Extracted material Start Marker

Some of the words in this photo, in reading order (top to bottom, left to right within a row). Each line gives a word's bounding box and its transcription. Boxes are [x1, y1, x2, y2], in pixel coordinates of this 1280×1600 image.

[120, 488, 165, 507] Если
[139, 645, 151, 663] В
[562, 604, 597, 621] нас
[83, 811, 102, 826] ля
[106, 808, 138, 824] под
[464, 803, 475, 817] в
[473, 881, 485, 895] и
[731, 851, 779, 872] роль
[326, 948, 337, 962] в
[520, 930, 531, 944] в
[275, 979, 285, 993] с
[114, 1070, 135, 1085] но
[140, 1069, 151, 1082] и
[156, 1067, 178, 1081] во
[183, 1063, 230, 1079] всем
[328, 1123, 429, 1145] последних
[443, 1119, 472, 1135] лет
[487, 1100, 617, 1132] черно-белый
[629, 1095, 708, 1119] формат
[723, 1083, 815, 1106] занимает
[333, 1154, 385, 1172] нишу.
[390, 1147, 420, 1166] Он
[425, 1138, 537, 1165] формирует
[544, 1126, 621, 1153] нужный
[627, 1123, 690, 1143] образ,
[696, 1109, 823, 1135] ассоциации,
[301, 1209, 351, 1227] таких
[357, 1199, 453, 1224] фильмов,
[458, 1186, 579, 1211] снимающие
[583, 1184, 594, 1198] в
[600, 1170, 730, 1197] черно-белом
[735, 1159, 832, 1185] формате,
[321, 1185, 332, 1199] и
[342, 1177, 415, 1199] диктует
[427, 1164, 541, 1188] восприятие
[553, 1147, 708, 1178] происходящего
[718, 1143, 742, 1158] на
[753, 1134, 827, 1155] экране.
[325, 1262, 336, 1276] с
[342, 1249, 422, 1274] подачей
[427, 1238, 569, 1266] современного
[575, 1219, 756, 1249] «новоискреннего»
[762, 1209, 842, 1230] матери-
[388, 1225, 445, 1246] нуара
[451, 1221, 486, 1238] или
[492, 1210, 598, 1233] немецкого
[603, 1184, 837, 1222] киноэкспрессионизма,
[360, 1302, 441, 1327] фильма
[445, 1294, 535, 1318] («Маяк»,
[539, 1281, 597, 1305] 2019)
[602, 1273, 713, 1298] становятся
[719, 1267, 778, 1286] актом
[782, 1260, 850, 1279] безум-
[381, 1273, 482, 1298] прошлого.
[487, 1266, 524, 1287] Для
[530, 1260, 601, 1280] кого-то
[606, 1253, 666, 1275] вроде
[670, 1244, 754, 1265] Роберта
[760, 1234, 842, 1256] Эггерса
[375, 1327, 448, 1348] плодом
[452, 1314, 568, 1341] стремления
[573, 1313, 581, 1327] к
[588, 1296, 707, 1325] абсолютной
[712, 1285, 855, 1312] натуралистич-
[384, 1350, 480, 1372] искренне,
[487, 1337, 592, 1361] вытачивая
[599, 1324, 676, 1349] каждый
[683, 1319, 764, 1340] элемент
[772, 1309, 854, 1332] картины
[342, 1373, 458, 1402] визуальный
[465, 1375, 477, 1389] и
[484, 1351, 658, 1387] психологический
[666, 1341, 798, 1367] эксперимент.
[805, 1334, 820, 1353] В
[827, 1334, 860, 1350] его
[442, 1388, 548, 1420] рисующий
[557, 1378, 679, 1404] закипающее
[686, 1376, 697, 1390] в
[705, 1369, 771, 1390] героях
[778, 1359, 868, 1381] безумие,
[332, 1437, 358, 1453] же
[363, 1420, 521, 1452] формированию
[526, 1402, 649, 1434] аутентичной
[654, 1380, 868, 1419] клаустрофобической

Extracted material End Marker

- [Exercise] Lines that hold "черно" are the ones to copy, so pick each out from the data.

- [Exercise answer]
[487, 1100, 617, 1132] черно-белый
[600, 1170, 730, 1197] черно-белом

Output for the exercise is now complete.